For news agencies in particular, this debate is essential. In an environment increasingly flooded by AI-generated content, manipulated narratives and agent-driven distribution systems, trusted verification networks are part of democratic resilience itself.
I. On power and the political economy of AI
Signal 12.1 – “When AI costs more than people”
Source: Fortune, “Nvidia executive says the cost of AI is greater than the cost of employees” –
Dispatch
A senior Nvidia executive argues that, at current scales, running advanced AI systems costs more than employing the people whose work they are meant to augment or replace. He points to the capital intensity of GPUs, energy and cloud infrastructure as a structural constraint on “AI everywhere” business models. The piece suggests that many firms underestimate these ongoing costs when they rush to automate or build AI features. It raises the question of who will ultimately be able to afford high-end AI, and who will be left buying cheaper, less reliable systems.
Reflections
• If the true cost of AI exceeds the cost of human labour in many cases, which kinds of work actually make economic sense to automate?
• What does it mean for newsrooms and news agencies deciding where AI belongs in their workflows — and where human judgement is both better and cheaper?

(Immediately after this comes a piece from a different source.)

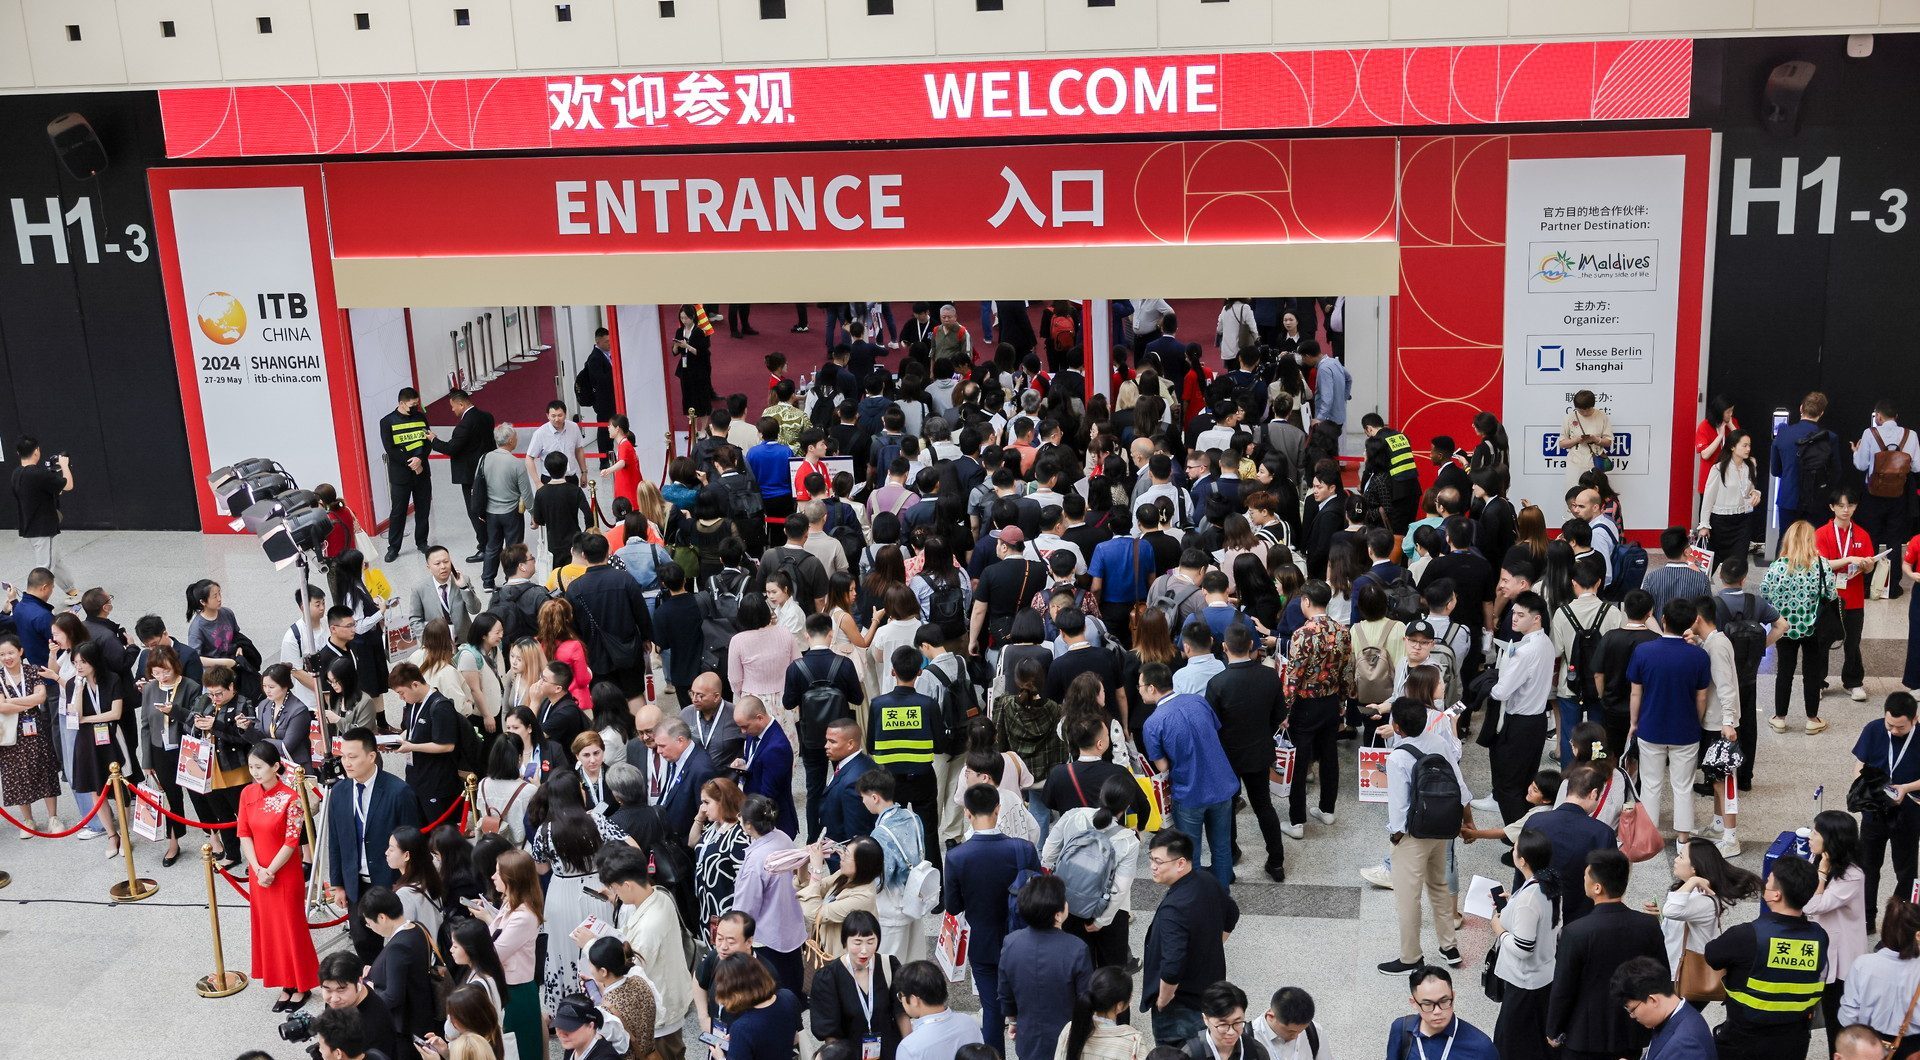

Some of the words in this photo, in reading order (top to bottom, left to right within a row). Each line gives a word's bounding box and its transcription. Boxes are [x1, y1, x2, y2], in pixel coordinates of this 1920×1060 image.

Signal 12.2 – “Banning AI-generated papers: arXiv’s first hard stop”
Source: 404 Media, “New arXiv rules on AI-generated papers ban”
Dispatch
This piece describes how arXiv, one of the main repositories for scientific research, is tightening rules around AI-generated content. The platform responds to a surge in low-quality machine-authored submissions that strain moderation and risk confusing readers about what has actually been peer-reviewed. New guidelines require clear disclosure of AI use and allow moderators to reject papers that appear to be largely synthetic or deceptive.
The debate mirrors concerns in journalism: when volume explodes and barriers to production collapse, quality assurance itself becomes infrastructure.
Reflections
• What practical standards should exist for disclosing AI assistance in research, journalism and policy documents?
• How can repositories and archives remain open and fast without becoming dumping grounds for AI-generated slop?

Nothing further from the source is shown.